CHAPTER VII.
A LITTLE later Graham found himself alone amongst the crowd. Attracted
by the sound of music, he had strayed into one of the rooms whence it
came, and in which, though his range of acquaintance at Paris was for an
Englishman large and somewhat miscellaneous, he recognized no familiar
countenance. A lady was playing the pianoforte--playing remarkably well
--with accurate science, with that equal lightness and strength of finger
which produces brilliancy of execution; but to appreciate her music one
should be musical one's self. It wanted the charm that fascinates the
uninitiated. The guests in the room were musical connoisseurs,--a class
with whom Graham Vane had nothing in common. Even if he had been more
capable of enjoying the excellence of the player's performance, the
glance he directed towards her would have sufficed to chill him into
indifference. She was not young, and with prominent features and
puckered skin, was twisting her face into strange sentimental grimaces,
as if terribly overcome by the beauty and pathos of her own melodies.
To add to Vane's displeasure, she was dressed in a costume wholly
antagonistic to his views of the becoming,--in a Greek jacket of gold and
scarlet, contrasted by a Turkish turban.
Muttering "What she-mountebank have we here?" he sank into a chair behind
the door, and fell into an absorbed revery. From this he was aroused by
the cessation of the music and the hum of subdued approbation by which it
was followed. Above the hum swelled the imposing voice of M. Louvier as
he rose from a seat on the other side of the piano, by which his bulky
form had been partially concealed.
"Bravo! perfectly played! excellent! Can we not persuade your charming
young countrywoman to gratify us even by a single song?" Then turning
aside and addressing some one else invisible to Graham he said, "Does
that tyrannical doctor still compel you to silence, Mademoiselle?"
A voice so sweetly modulated that if there were any sarcasm in the words
it was lost in the softness of pathos, answered, "Nay, Monsieur Louvier,
he rather overtasks the words at my command in thankfulness to those who
like yourself, so kindly regard me as something else than a singer."

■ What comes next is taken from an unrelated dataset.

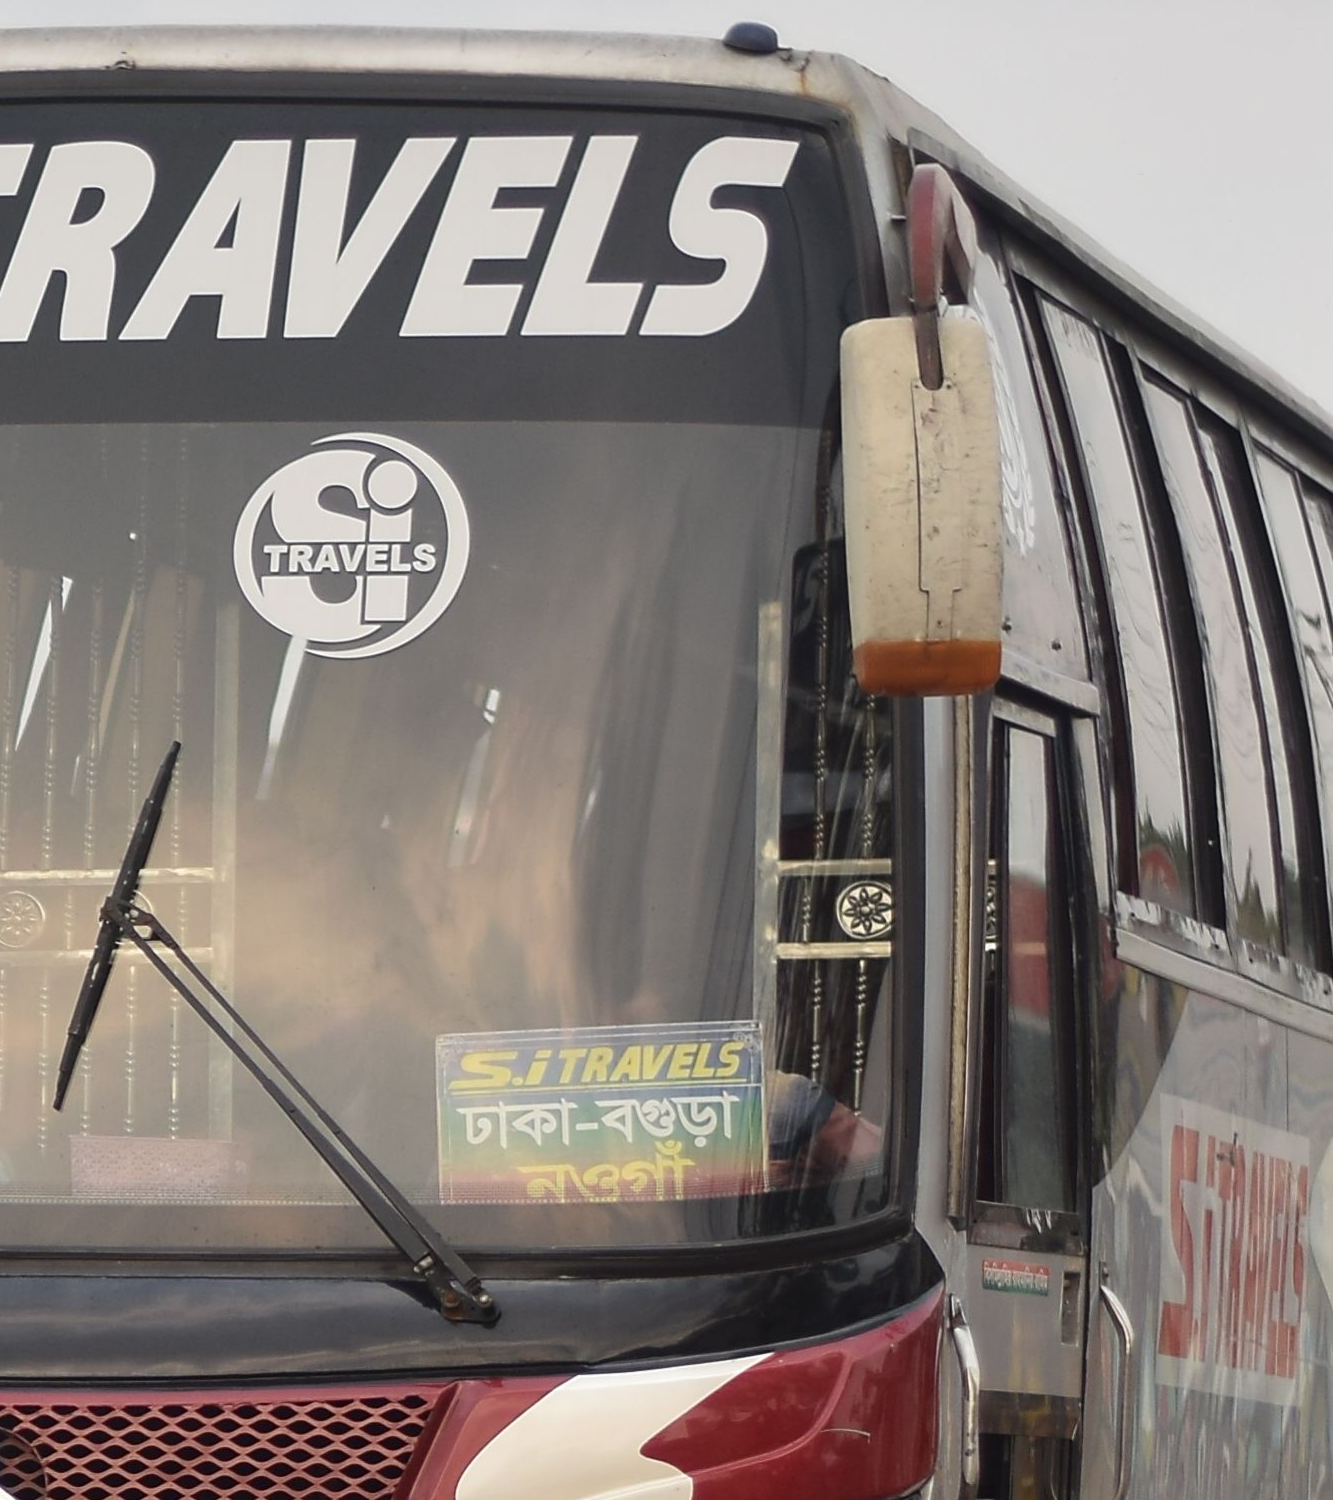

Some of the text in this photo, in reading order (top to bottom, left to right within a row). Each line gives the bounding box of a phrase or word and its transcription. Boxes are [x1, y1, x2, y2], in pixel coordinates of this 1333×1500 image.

[263, 543, 437, 574] TRAVELS
[558, 1041, 745, 1085] TRAVELS
[456, 1090, 740, 1148] ঢাকা-বগুড়া

It was not the she-mountebank who thus spoke. Graham rose and looked
round with instinctive curiosity. He met the face that he said had
haunted him. She too had risen, standing near the piano, with one hand
tenderly resting on the she-mountebank's scarlet and gilded shoulder,--
the face that haunted him, and yet with a difference. There was a faint
blush on the clear pale cheek, a soft yet playful light in the grave
dark-blue eyes, which had not been visible in the countenance of the
young lady in the pearl-coloured robe. Graham did not hear Louvier's
reply, though no doubt it was loud enough for him to hear. He sank again
into revery. Other guests now came into the room, among them Frank
Morley, styled Colonel,--eminent military titles in the United States do
not always denote eminent military services,--a wealthy American, and his
sprightly and beautiful wife. The Colonel was a clever man, rather stiff
in his deportment, and grave in speech, but by no means without a vein of
dry humour. By the French he was esteemed a high-bred specimen of the
kind of grand seigneur which democratic republics engender. He spoke
French like a Parisian, had an imposing presence, and spent a great deal
of money with the elegance of a man of taste and the generosity of a man
of heart. His high breeding was not quite so well understood by the
English, because the English are apt to judge breeding by little
conventional rules not observed by the American Colonel. He had a slight
nasal twang, and introduced "sir" with redundant ceremony in addressing
Englishmen, however intimate he might be with them, and had the habit
(perhaps with a sly intention to startle or puzzle them) of adorning his
style of conversation with quaint Americanisms.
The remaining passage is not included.